I remember the vet warning me not to move things around the house. The way I carried you down the stairs sometimes. And how much you slept. But your nose and ears were always good. B III, your last day, you hid under the bed because I said, “I’ll help you.” Braxton, um, ok, this is a subject you rather not discuss. I’m sorry but as for my own health? I spoke to Lady Lunalesca today, Saturday, July 2, 2022. Want to feel better! That’s what I told her. So better to focus on my problems. The only thing really is my own, I think. Having to pee always. I have cranberry juice, sprite, and chicken noodle soup. My fatigue. We’re the old men, Braxton.

On days like today, I want to go back to when I would write, and you would wait. You were always waiting for me, Braxton. Waiting for me to come home, to finish writing. Oh, and my shower wanking. Don’t give me that look. You remember you’d hump your toys B. Remember how I had to sit you down for “The Talk” because you would always cozy up to your Aunt Carolina’s tiddies. Those were the days, my boy. Sitting with her and you as we all watched movies. The closest I ever got to “happiness.” I can name three. One you don’t know. Before I met you, there was one time in high school I was a senior. For five minutes, No Fear. The second, I almost died… bliss.

You saved my life that day, B. And I swore I would never leave you. We ride together, we die together. And the third again was when I gave you as much of a family as I could B III. You had me, your aunt, a ton of food. I wanted you to have a good mother, bro, and sis. Can we go back to the days when, if I wasn’t writing, I’d tell you about your future life, B? Hell! With the Olds, can we return to when you would bark at the gate at them, my B III? How about when you would sit at the foot of the bed? Or the last day, “Daddy, can we go home?” I’ll B Right Back

Always and Forever,
Your Dad

Saga 005 ~The B’s, Z’s, XXX~

I would tell B III to “shush it” too often. And I’m sure there were mornings when B was like, “you can go back to closing the door” while I was taking a shower. But the best was when we were both still breathing. The B’s, Z’s, XXX

Wednesday, July 6, 2022

Saga 005 ~The B’s, Z’s, XXX~

Forgive Me Echo,
I AM a Billionaire right now. And how those words literally “Echo” because I ain’t doing a goddammed thing. The time Inspector…

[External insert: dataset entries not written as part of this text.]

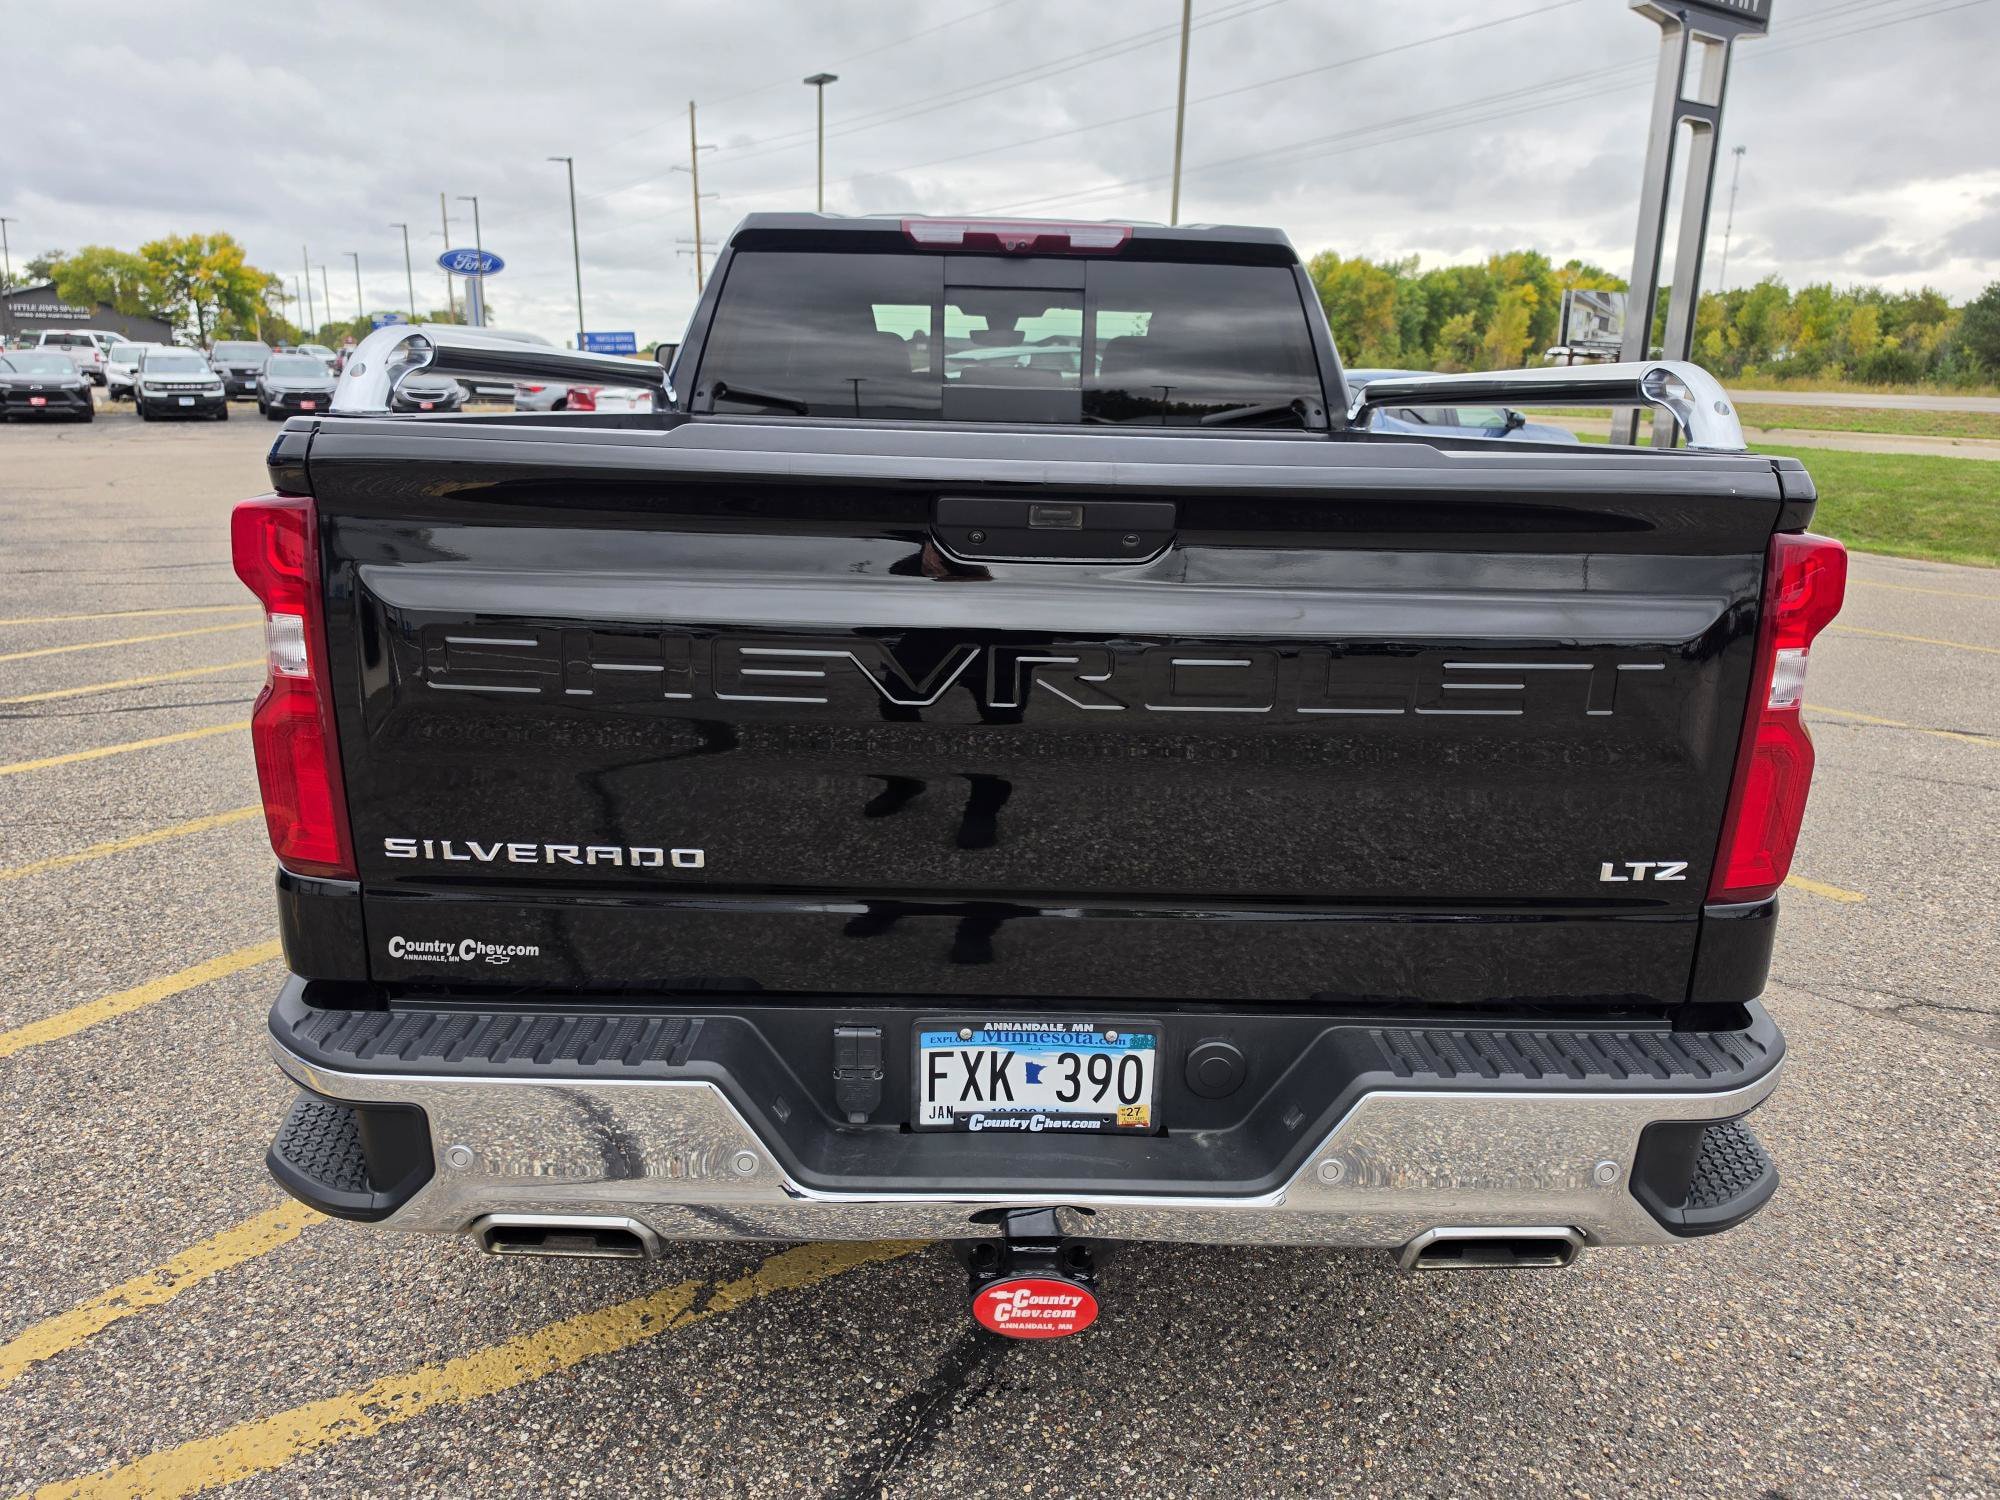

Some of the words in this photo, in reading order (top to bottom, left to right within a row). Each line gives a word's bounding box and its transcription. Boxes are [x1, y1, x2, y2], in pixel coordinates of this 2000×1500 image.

[453, 254, 493, 271] Ford
[422, 624, 1668, 717] CHEVROLET
[384, 837, 705, 868] SILVERADO
[1599, 862, 1688, 881] LTZ
[984, 1022, 1067, 1033] ANNANDALE,
[1072, 1023, 1094, 1032] MN
[928, 1051, 1015, 1102] FXK
[1055, 1053, 1143, 1105] 390
[929, 1106, 954, 1119] JAN
[1126, 1107, 1142, 1117] 27
[1012, 1288, 1083, 1308] Country
[993, 1303, 1077, 1322] Chev.com

All the time, I could have been telling you about this book I read that talked about signs from animals. Of course, it wasn’t the first and won’t be the last. But B, sending music… Now I won’t tell you what songs. With everything I should be ashamed of, it’s not that at all. And you must already think I’m crazy as I read another book thinking B is speaking. Hell! Sometimes I think it’s the whole house that is against me. Every creak of it. I expect B is somewhere checking it out. I’m sure I told you once about getting so frightened, Echo. I went into my drawer and reached for my weapon. Fear should have me reaching for a pen, if anything.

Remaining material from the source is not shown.